I don't accept that. Given the places where these things work best -
i.e. high inaccessible ones, the cost of getting a road to them is not
going to be negligible in many cases.


You seem to have swerved from carbon to money.

I am reasonably familiar with many of the large wind farms around
here. They are generally not as remote as you imply, that would
increase the length of the electrical connection. That also means
roads are short. The roads have a limited carbon impact, largely the
one-off of quarrying the chippings. I think the reports are right to
ignore them, the carbon impact is negligible.

The financial cost of building (or adapting as many of the roads to
sites existed in some form anyway) is also negligible. Maintenance
of them is also negligible, in both carbon and money.

The cables within the wind farm are included. Those outwith it are
not, neither would they be for any other form of generation.

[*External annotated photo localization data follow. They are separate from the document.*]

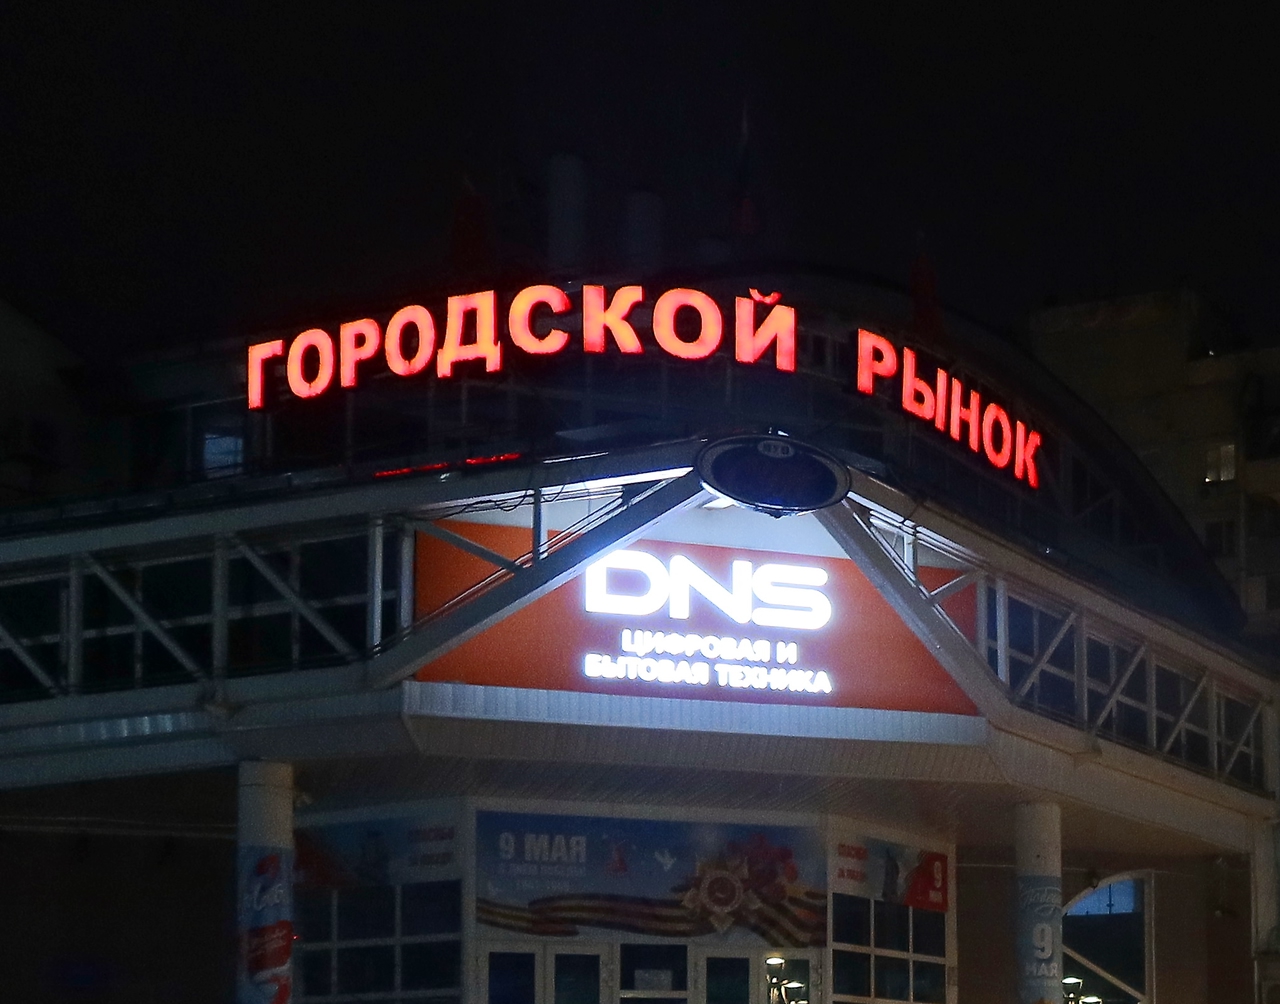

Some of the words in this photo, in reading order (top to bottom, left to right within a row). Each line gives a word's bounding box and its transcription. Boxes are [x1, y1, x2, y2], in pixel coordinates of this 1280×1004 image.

[247, 284, 797, 410] ГОРОДСКОЙ
[857, 328, 1041, 489] РЫНОК
[585, 549, 832, 630] DNS
[621, 628, 771, 662] ЦИФРОВАЯ
[776, 641, 797, 664] И
[585, 653, 709, 685] БЫТОВАЯ
[714, 663, 833, 694] ТЕХНИКА
[500, 831, 516, 861] 9
[524, 833, 587, 864] МАЯ
[1032, 922, 1053, 960] 9

Which is a slight of hand, since most other generation is built on
existing sites,


I am reasonably familiar with the electricity system around here.
Torness and Longannet were not built on previous sites, though there
was a power station nearby in the latter case.

and can also source 1GW say from a single plant,


Your point would have some validity if there were large distances of
new cables installed for wind, which were then connected to the rest
of the system at a few points. However, that is not the case. Wind
is usually connected into the 11 or 33 kV systems, where the lines
generally existed long before wind generation. Some large wind farms
are connected at higher voltages.

I was not suggesting it needed 100% reserve. However it
does require a fairly significant amount of reserve,


You claim so, without offering evidence for your assertion. The
results of a couple of hundred studies were summarised by UKERC and
until better evidence is offered I'll stick with them.

and the more wind
you try to introduce into the mix the more is needed.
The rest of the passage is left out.